Dementia and space © own illustration

 

This process of learning and improving can not only help people with dementia feel more comfortable, but it can also help architects broaden their sense of space, its boundaries, and qualities. It can help enlarge their notion of environment when seen through the eyes of the challenged. People with dementia are not the only disabled community and there are many ways of perceiving space and architecture. Approximately 15% of the world’s population live with some disability and therefore with a different perspective and perception of our shared environment. Disabled people form the largest minority in the world and offer a great opportunity to understand and accept different forms of receptions not only to architects. In countries with life expectancy over 70 years, people spend about 8 years of their lives disabled in a certain way. [3]

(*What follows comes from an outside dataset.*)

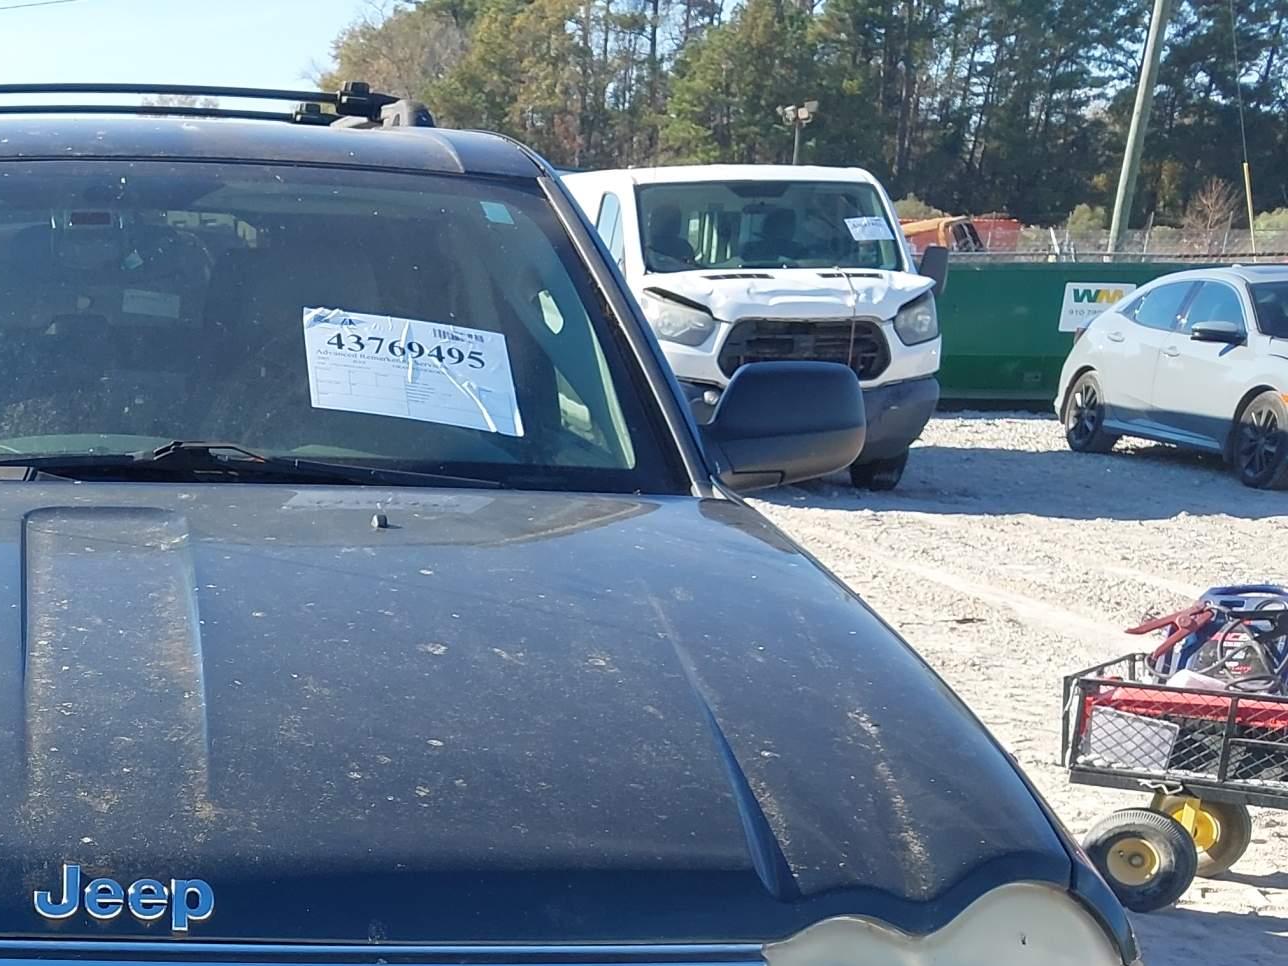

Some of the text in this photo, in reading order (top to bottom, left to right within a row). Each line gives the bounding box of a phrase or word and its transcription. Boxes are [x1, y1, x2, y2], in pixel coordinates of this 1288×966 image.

[1073, 288, 1124, 304] WM
[326, 332, 485, 369] 43769495
[33, 863, 215, 932] Jeep

It is therefore worth understanding and accepting various notions of space where disabilities, including dementia, offer a guiding hand. It is becoming even more urgent as numbers of people affected are unfortunately constantly increasing, showing no decline. At the same time, designing for dementia is a great chance to take a step back and reflect on the society as a whole. It is an opportunity to shift our focus back towards the basic, sensory experience of architecture which is to provide shelter and enrich our lives.[4] Environments which are safe, aesthetically pleasing through materials, lights, sounds or scale and proportions are beneficial to all of us, no matter the diagnosis.

 

[1] Dementia, Design and Technology : Time to Get Involved, ed. Britt Östlund Päivi Topo, vol. 24, Assistive Technology Research Series (2009).
[2] G. Marquardt and P. Schmieg, “Dementia-Friendly Architecture: Environments That Facilitate Wayfinding in Nursing Homes,” Am J Alzheimers Dis Other Demen 24, no. 4 (2009).
[3] United Nations Enable, “Factsheet on Persons with Disabilities,” in Development and human rights for all, ed. Secretariat for the Convention on the Rights of Persons with Disabilities (United Nations Secretariat).
[4] Eckhard Feddersen, Lost in Space: Architecture and Dementia, ed. Insa Lüdtke (German National Library: Birkhauser Verlag, 2014).